Container Water Gardening

Most people, especially in the urban setting, do not have the room to construct a large water garden.  But, that doesn’t mean you can’t enjoy the tranquility and calm that moving water brings to a space.  Container water gardens are easy to make, portable, and can be completed in an afternoon.  Place one on a balcony or deck, and they are perfect for the office or sunroom.     

Check out the steps below to create your pond-in-a-pot:

Materials required: 

  • 15 inch or larger decorative container (i.e. 24 inch half barrel, choose the size based on the space and what you can reasonably handle)
  • Plastic Liner - use any durable plastic liner, some liners are made to fit perfectly inside pond containers, or use flexible PVC liners.  Both types are available at many garden centers and home improvement stores.  Liners are only needed if your container is not water tight.
  • Bricks or empty Pots – to vary the height of the plants
  • Rocks of varying size
  • Water – you will want easy access to water even after the pond-in-a-pot is complete
  • Water Plants

Make sure your container starts out clean.

Container water gardens can get very heavy, so assemble in its permanent location.  Most water plants do best in full sun, placing your container in a location that gets 6 or more hours of sun daily will help your water garden thrive.

Determine how your pot will be viewed.  Plant placement will be governed by whether the pot is viewed from just a few angles or from all sides.  

Choose your water plants:

  •  Start out with only a few plants and keep it simple.
  • Choose plants that are in scale with your container.  In other words, don’t pick plants that are too big or small for your pot (check tags for plant height and width).
  • When creating your container design use plants with contrasting shapes, colors, and size.  Consider combining tall spiky plants (i.e. cattail, yellow iris, or sweet flag) with shorter broad leafed varieties (i.e. cranberry taro and houttuynia).  
  • Select one or two floating plants, such as water hyacinth or water lettuce.  

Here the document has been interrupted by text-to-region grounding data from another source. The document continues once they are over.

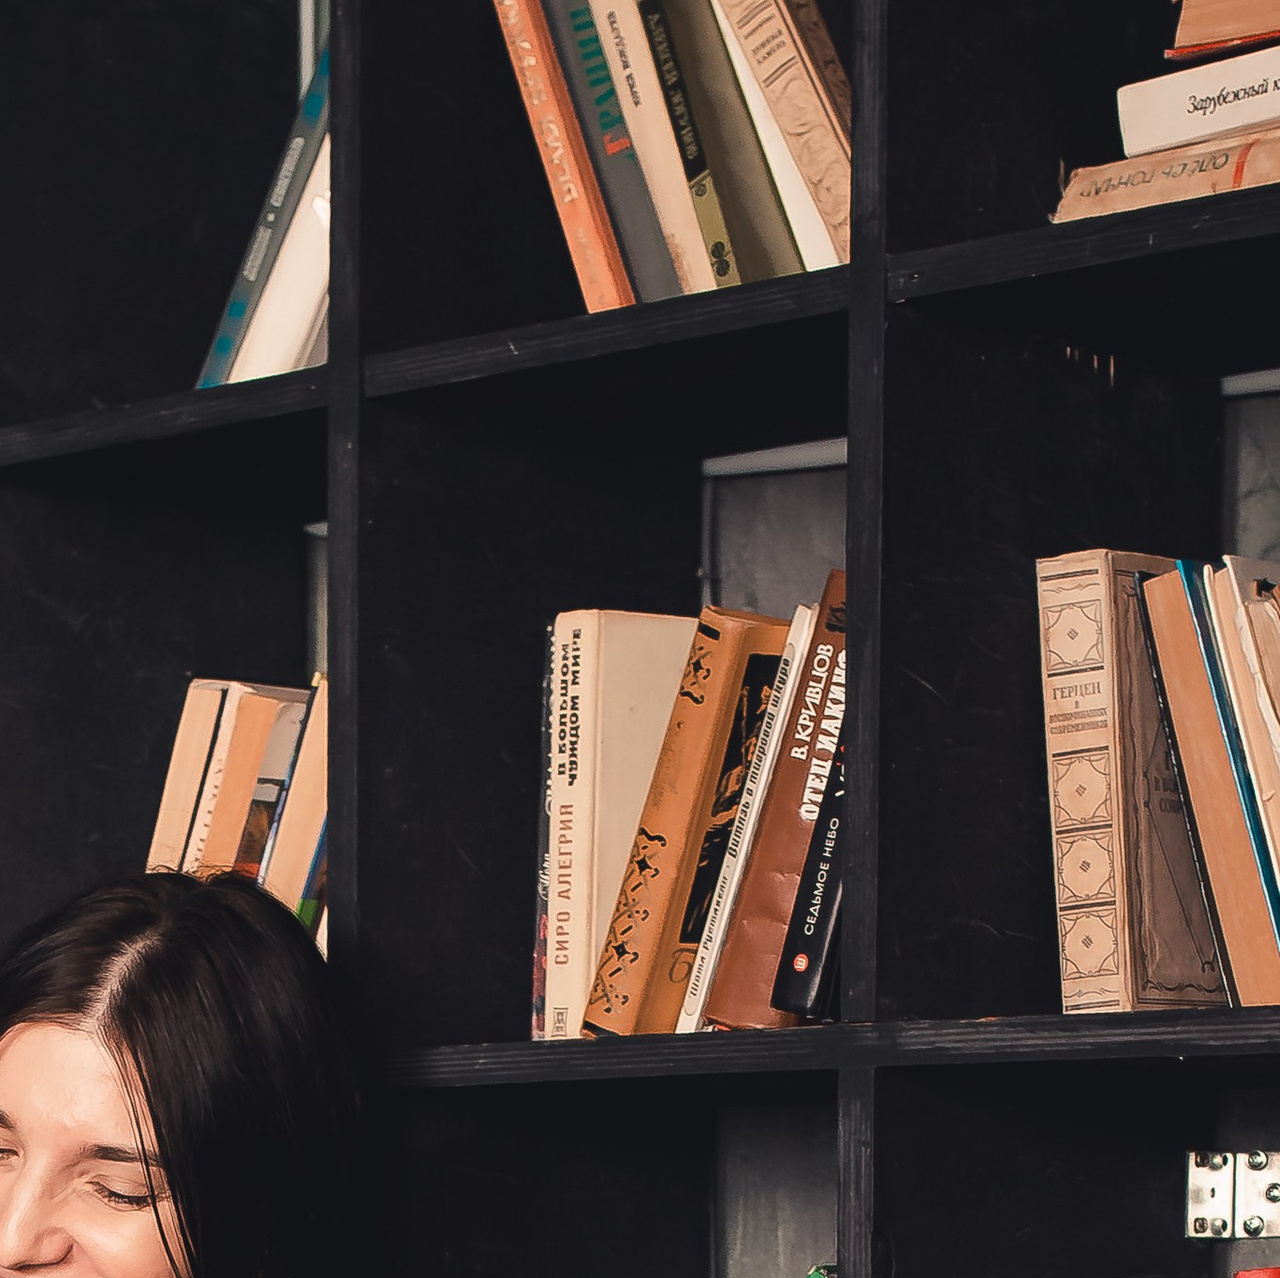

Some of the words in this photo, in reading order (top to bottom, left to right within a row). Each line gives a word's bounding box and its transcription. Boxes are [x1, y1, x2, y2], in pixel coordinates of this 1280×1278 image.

[1187, 78, 1269, 116] Зарубежный
[570, 628, 582, 686] МИРЕ
[558, 643, 570, 755] БОЛЬШОМ
[795, 643, 834, 743] КРИВЦОВ
[1052, 681, 1102, 701] ГЕРЦЕН
[568, 694, 581, 787] ЧУЖДОМ
[790, 744, 809, 761] В.
[800, 756, 833, 821] ОТЕЦ
[556, 803, 574, 901] АЛЕГРИЯ
[728, 800, 751, 859] Витязь
[804, 861, 830, 936] СЕДЬМОЕ
[822, 817, 840, 858] НЕБО
[555, 910, 571, 966] СИРО

Most water plants can remain in their original pots and placed directly into your water garden container.  If you wish to pot up a size, use aquatic pond media, and a container with lots of drainage holes (you can buy one or make it yourself, use an inexpensive plastic pot and, using a drill, make lots of small holes all over).

Assembly:

  1. Place your container in its permanent location.
  2. If needed, line your container.
  3. Fill your container 1/3 full of rocks. 
  4. Fill your pot half way with water.
  5. Determine how your container will be viewed.  If the container is to be viewed from only the front and sides, place your tallest plant near the center rear of the pot.  If viewed from all angles, place it dead center. 
  6. Place your plants at the appropriate water depth.  The plant tag will provide you with this information. 
  7. Use bricks or empty pots to vary the height. 
  8. Insert your tallest plant first, creating the backdrop for your water garden.
  9. Next, place your shorter broad leafed plants, placing them in front of, but off to the side, of the tallest plant.  Use bricks to adjust the height or your plants.
  10. Strategically place more rocks to help hide bricks and pots.
  11. Fill container to the top with water.
  12. Finish with your floating plants. 

Container Maintenance:

Keep your container filled with water.  Usually a topping off every few days is adequate. 

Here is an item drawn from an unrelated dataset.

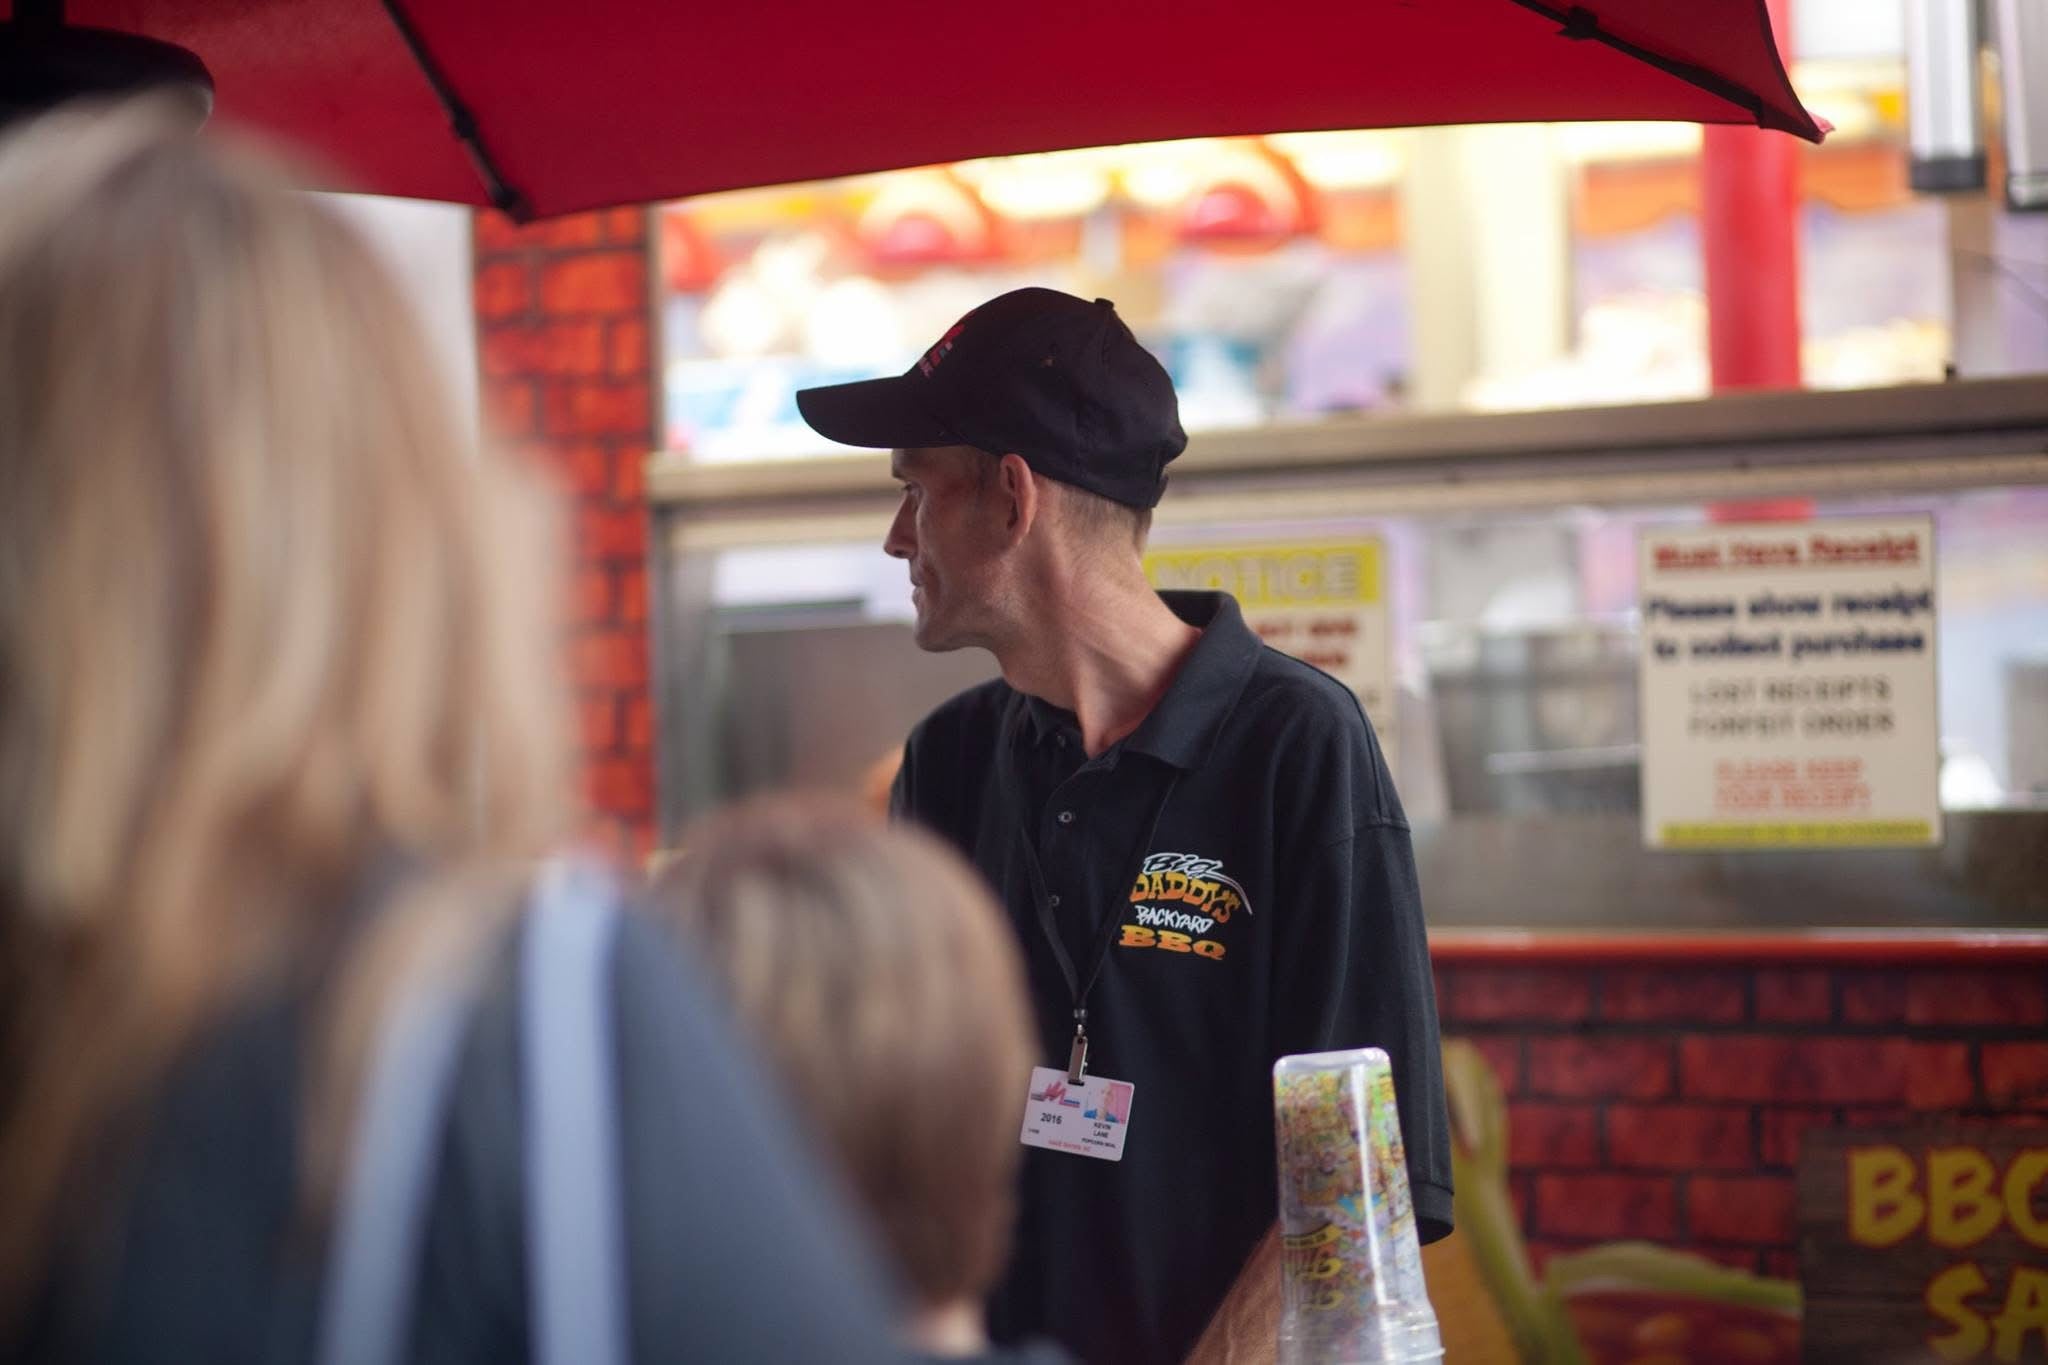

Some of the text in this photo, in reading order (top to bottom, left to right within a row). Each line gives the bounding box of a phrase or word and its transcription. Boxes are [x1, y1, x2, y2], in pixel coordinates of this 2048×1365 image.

After your water plants have started to show signs of new growth, provide some nutrients with fertilizer tablets specifically made for water plants. 

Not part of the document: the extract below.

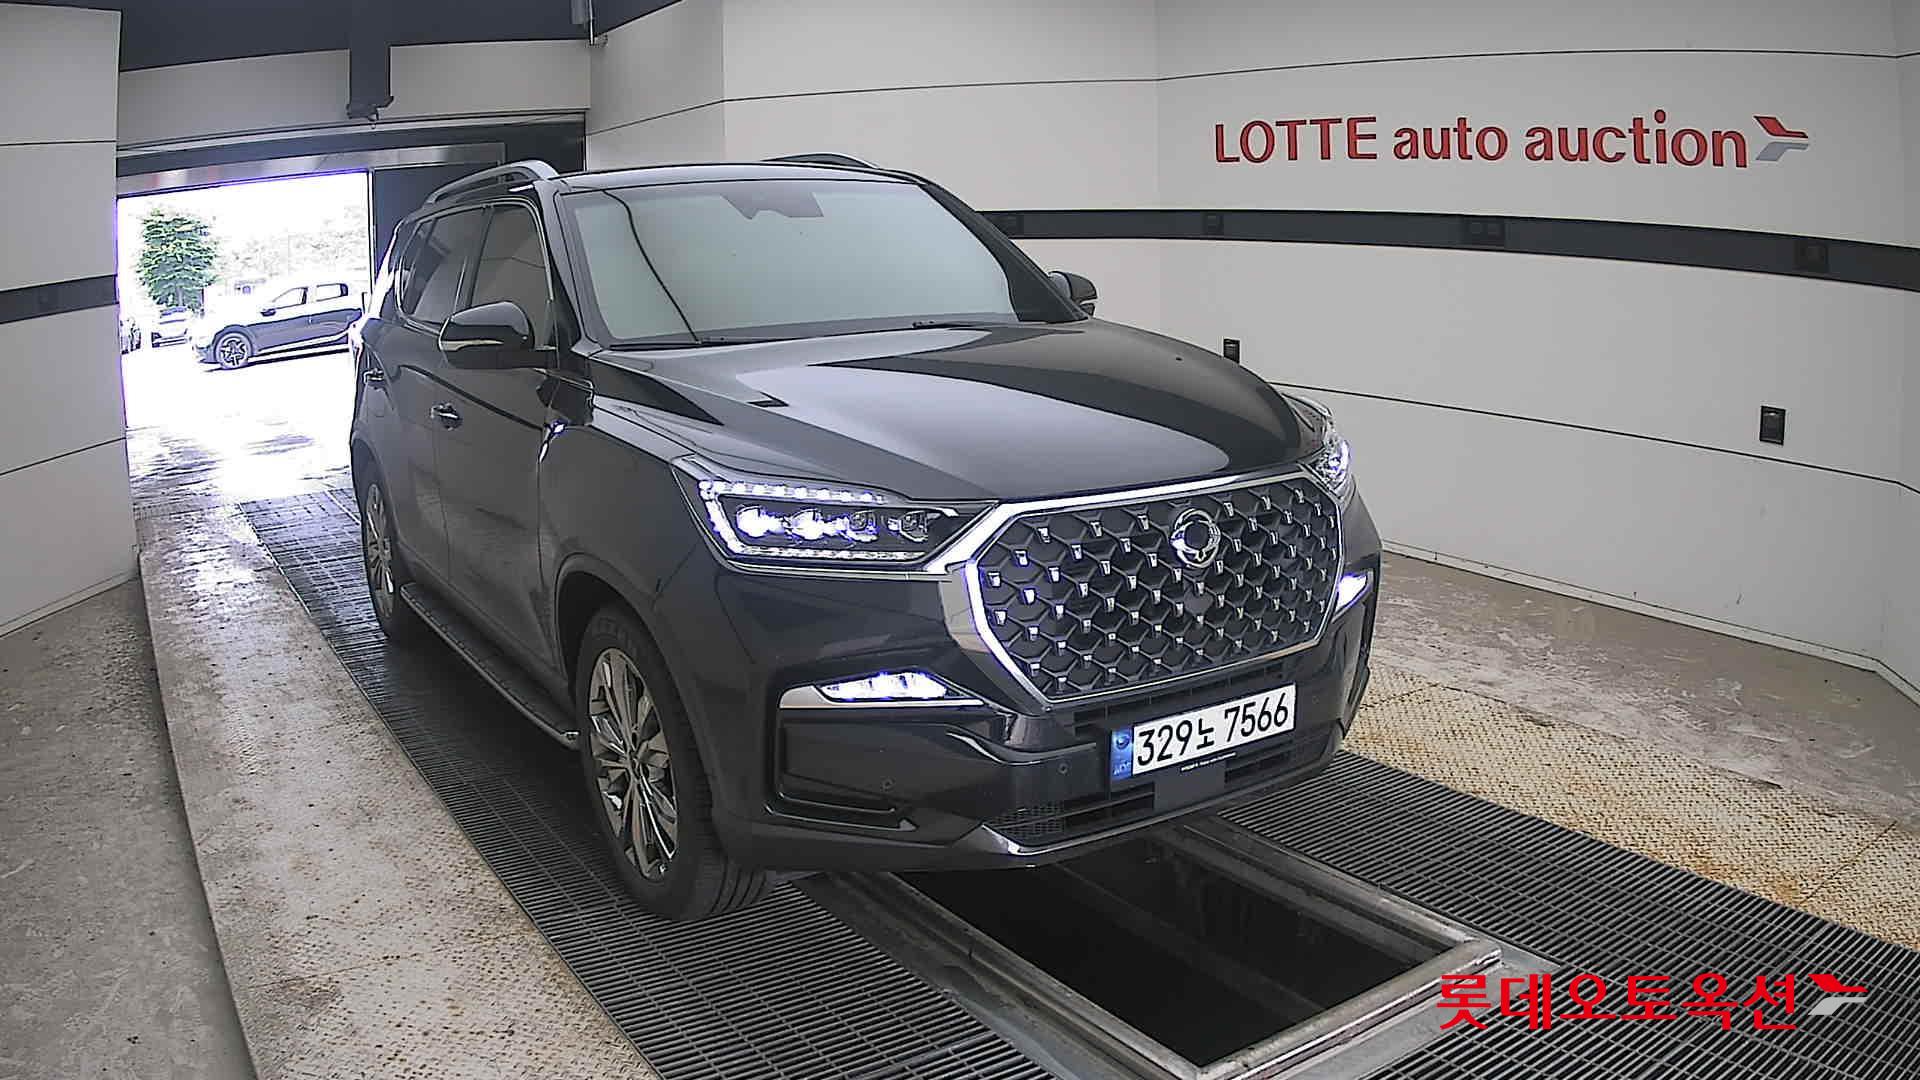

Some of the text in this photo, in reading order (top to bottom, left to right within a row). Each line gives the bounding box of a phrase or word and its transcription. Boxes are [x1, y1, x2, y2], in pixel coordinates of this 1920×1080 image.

[1214, 109, 1748, 168] LOTTE auto auction
[1137, 718, 1215, 766] 329노
[1224, 692, 1289, 742] 7566

In colder regions outdoor containers will require a bird bath type heater to prevent the water from freezing.  Or, you can dissemble the container for the winter and bring the plants indoors.

If needed, divide the plants in spring, sharing the extra plants with your neighbor or start another container water garden. 

Plant Suggestions:

Rooted Floating Plants – or deep water plants, have roots at the bottom of the pond (or in a container, at the bottom), with their leaves stretching up to the water’s surface.  Examples of rooted floating plants:  lotus, water poppy, nardoo, water hawthorne, golden club.

Marginal Plants – grow in the shallow margins, around the edge of the pond.   Examples include:  arrowhead, cattail, water plantain, water iris, yellow flag, lizard’s tail, horsetail fern, dwarf papyrus, aquatic mint, pickerel rush, houttuynia, vietnamese mint.

Floating Plants – as the name suggests, these plants float on the water’s surface.  They get their nutrients from the water, helping to control algae.   These plants include:  water lettuce, water hyacinth, duckweed, fairy moss.

 

          Happy Planting!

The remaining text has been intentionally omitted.